Os balangandãs, peças usadas por negras, e compostas por pingentes com representações de elementos do cristianismo e religiões de matriz africana, foram as pistas perseguidas pela artista baiana Nádia Taquary para conceber a exposição Ònà Irin: caminho de ferro, montada no Sesc Belenzinho, em São Paulo. Ao todo, são 22 obras de diferentes fases de sua vida e linguagens, que homenageiam o orixá Ogum, o feminino e o sagrado perpetuado por mulheres.
Taquary explica que os balangandãs estão relacionados ao que se chamou de pecúlio, que nada mais é do que uma tentativa das vítimas da escravidão de se libertar e escapar dessa condição. Para juntar valores suficientes para a alforria, isto é, para deixar de ser cativo ou cativa, eram autorizados pelos seus senhores a somar ao montante doações, legados e heranças. Também podiam ajudar outros escravizados a se salvarem minimamente da cruel engrenagem.

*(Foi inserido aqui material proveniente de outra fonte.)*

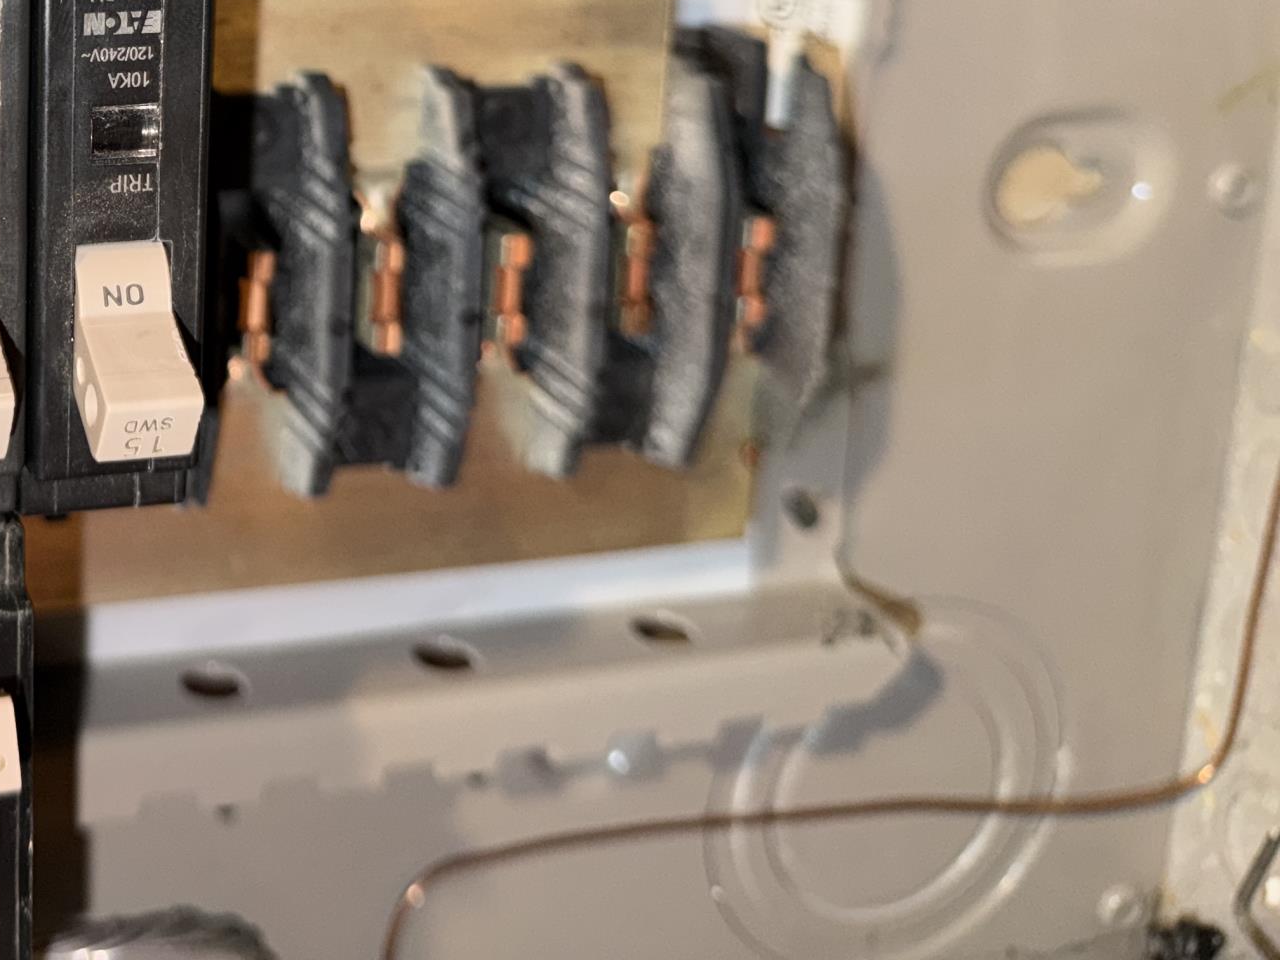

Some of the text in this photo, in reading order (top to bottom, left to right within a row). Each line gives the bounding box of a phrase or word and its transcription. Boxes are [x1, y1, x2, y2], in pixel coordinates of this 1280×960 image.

Sequiosa por repartir com o público as elaborações que surgiram de sua pesquisa sobre joalheria afro-brasileira, iniciada em 2010, materializa o feminino e o divino em instalações, esculturas, videoinstalação e objetos-esculturas. Tal qual uma pessoa que chega ao fim do arco-íris e regressa com um pacote valioso, Taquary distribui pelo salão escuro da unidade do Sesc um e outro elementos lampejantes, suas mulheres-pássaros e, o mais importante, a força de quem sobrevivia ao impossível.
Os balangandãs, também chamados de balançançan, barangandãs, belenguendén e berenguendén, palavras de países africanos, que refletem onomatopeias, eram de ouro e de prata. E eram peças obviamente ligadas ao contexto da escravidão no território ultramarino de Portugal que era o Brasil Colônia.
Taquary conta que quando criança seu pai lhe deu de presente um balangandã que pertenceu à sua bisavó, à avó e à mãe. Mas com mais maturidade e uma passagem pelo Museu Carlos e Margarida Costa Pinto, na Bahia, a artista, filha de uma mãe branca e um pai preto, atinou para a mensagem que o balangandã ganho carregava em matéria de tradição iorubá.